-- Opening Marker --

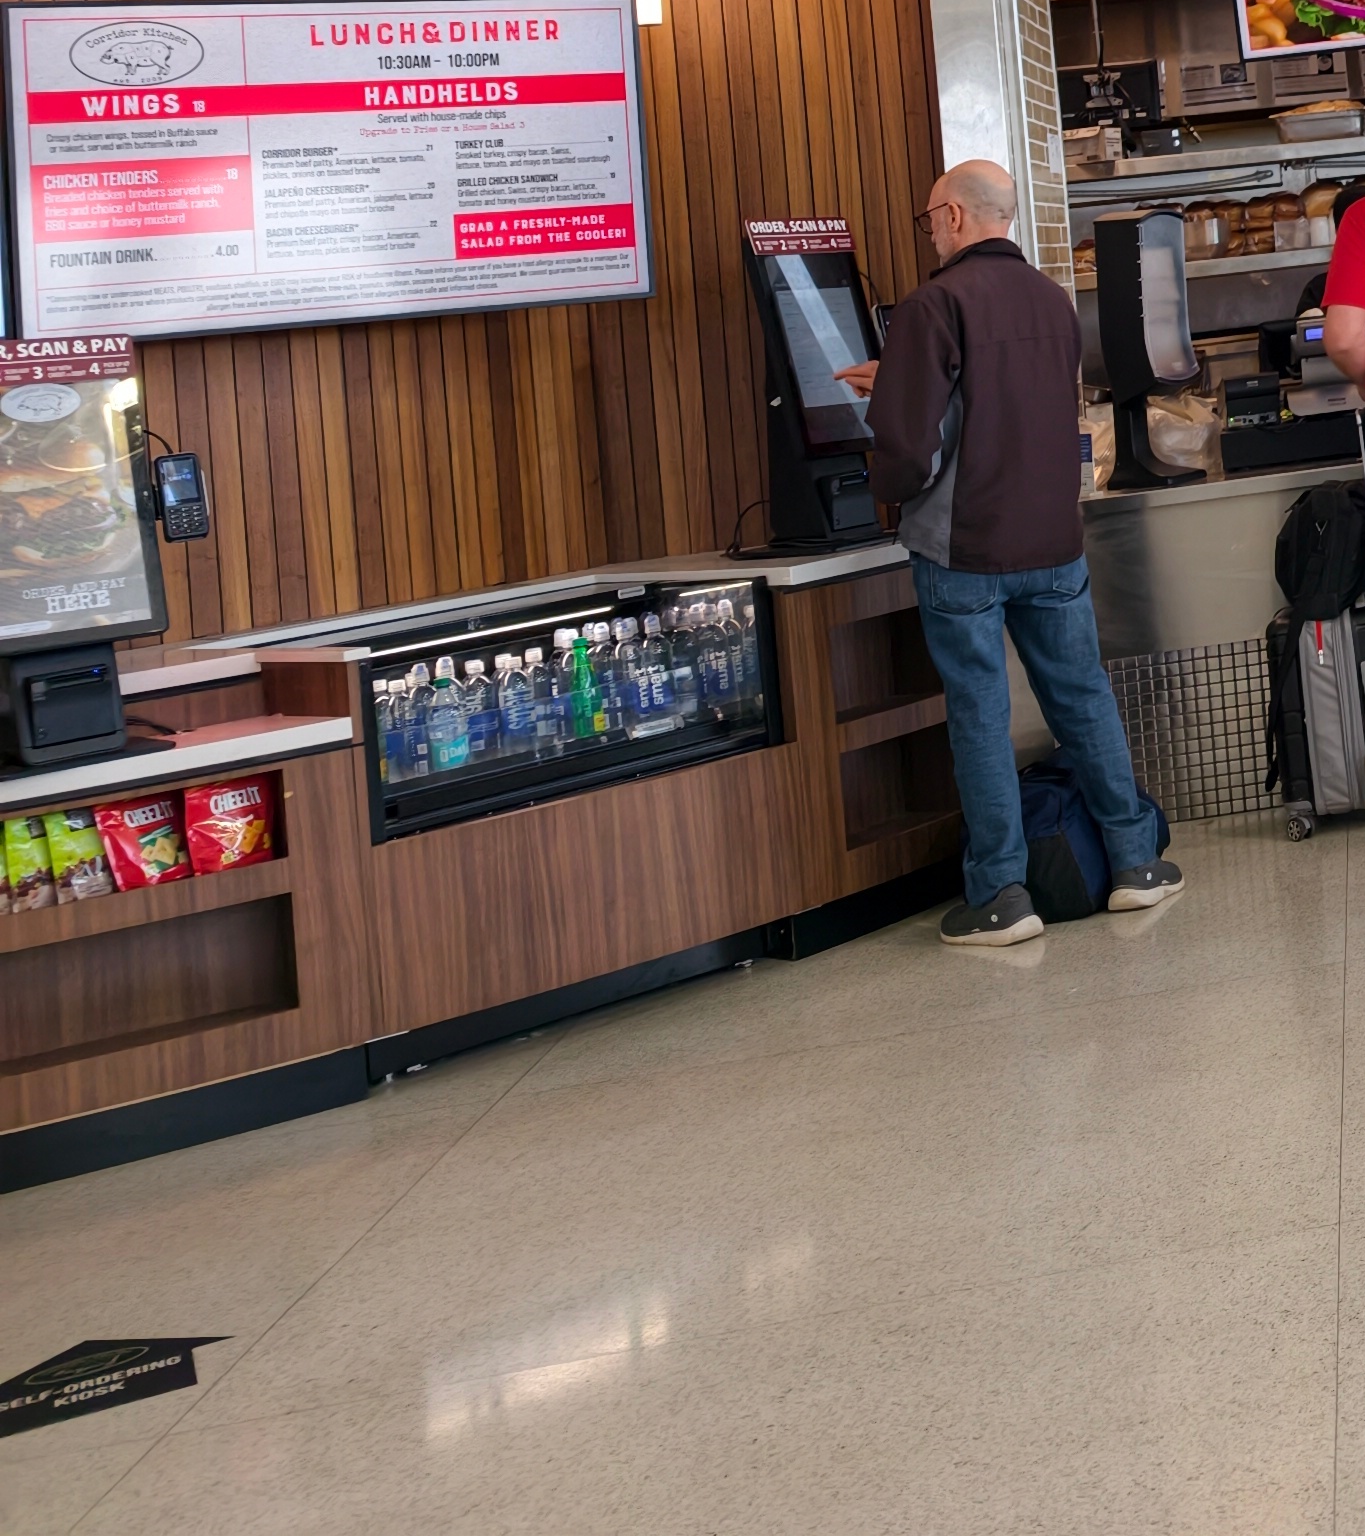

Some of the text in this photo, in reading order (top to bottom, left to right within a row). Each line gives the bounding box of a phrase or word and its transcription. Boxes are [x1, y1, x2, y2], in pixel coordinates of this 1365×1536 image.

[85, 28, 188, 49] Corridor Kitchen
[377, 53, 500, 70] 10:30AM 10:00PM
[364, 82, 518, 106] HANDHELDS
[81, 94, 206, 116] WINGS 18
[377, 109, 507, 124] Served with house-made chips
[262, 149, 302, 159] CORRIDOR
[455, 140, 483, 150] TURKEY
[485, 139, 504, 148] CLUB
[43, 168, 238, 190] CHICKEN TENDERS 18
[457, 177, 487, 187] GRILLED
[489, 176, 518, 186] CHICKEN
[521, 174, 558, 184] SANDWICH
[44, 184, 224, 203] Breaded chicken tenders served with
[497, 197, 516, 206] honey
[518, 195, 546, 204] mustard
[556, 193, 581, 201] toasted
[45, 206, 69, 217] fries
[70, 205, 89, 216] and
[91, 203, 123, 215] choice
[125, 202, 136, 213] of
[138, 200, 188, 212] buttermilk
[68, 219, 97, 230] sauce
[99, 218, 110, 228] or
[112, 216, 142, 228] honey
[144, 213, 185, 225] mustard
[460, 214, 606, 233] GRAB A FRESHLY-MADE
[749, 219, 847, 233] ORDER, SCAN & PAY
[266, 228, 293, 238] BACON
[461, 228, 626, 249] SALAD FROM THE COOLER!
[755, 238, 837, 251] 1 2 3 4
[50, 250, 112, 268] FOUNTAIN
[216, 245, 239, 257] 4.00
[16, 341, 69, 357] SCAN
[72, 340, 88, 354] &
[90, 337, 129, 353] PAY
[32, 366, 44, 380] 3
[89, 362, 100, 375] 4
[22, 577, 126, 600] ORDER AND PAY
[45, 590, 111, 614] HERE
[634, 667, 650, 708] smart
[649, 664, 665, 705] smart
[0, 1354, 182, 1412] SELF-ORDERING
[53, 1380, 126, 1408] KIOSK

-- Closing Marker --

### Your goal:
Copy the records exactly as they appear, excluding images.

### Reply:
Some of the text in this photo, in reading order (top to bottom, left to right within a row). Each line gives the bounding box of a phrase or word and its transcription. Boxes are [x1, y1, x2, y2], in pixel coordinates of this 1365×1536 image.

[85, 28, 188, 49] Corridor Kitchen
[377, 53, 500, 70] 10:30AM 10:00PM
[364, 82, 518, 106] HANDHELDS
[81, 94, 206, 116] WINGS 18
[377, 109, 507, 124] Served with house-made chips
[262, 149, 302, 159] CORRIDOR
[455, 140, 483, 150] TURKEY
[485, 139, 504, 148] CLUB
[43, 168, 238, 190] CHICKEN TENDERS 18
[457, 177, 487, 187] GRILLED
[489, 176, 518, 186] CHICKEN
[521, 174, 558, 184] SANDWICH
[44, 184, 224, 203] Breaded chicken tenders served with
[497, 197, 516, 206] honey
[518, 195, 546, 204] mustard
[556, 193, 581, 201] toasted
[45, 206, 69, 217] fries
[70, 205, 89, 216] and
[91, 203, 123, 215] choice
[125, 202, 136, 213] of
[138, 200, 188, 212] buttermilk
[68, 219, 97, 230] sauce
[99, 218, 110, 228] or
[112, 216, 142, 228] honey
[144, 213, 185, 225] mustard
[460, 214, 606, 233] GRAB A FRESHLY-MADE
[749, 219, 847, 233] ORDER, SCAN & PAY
[266, 228, 293, 238] BACON
[461, 228, 626, 249] SALAD FROM THE COOLER!
[755, 238, 837, 251] 1 2 3 4
[50, 250, 112, 268] FOUNTAIN
[216, 245, 239, 257] 4.00
[16, 341, 69, 357] SCAN
[72, 340, 88, 354] &
[90, 337, 129, 353] PAY
[32, 366, 44, 380] 3
[89, 362, 100, 375] 4
[22, 577, 126, 600] ORDER AND PAY
[45, 590, 111, 614] HERE
[634, 667, 650, 708] smart
[649, 664, 665, 705] smart
[0, 1354, 182, 1412] SELF-ORDERING
[53, 1380, 126, 1408] KIOSK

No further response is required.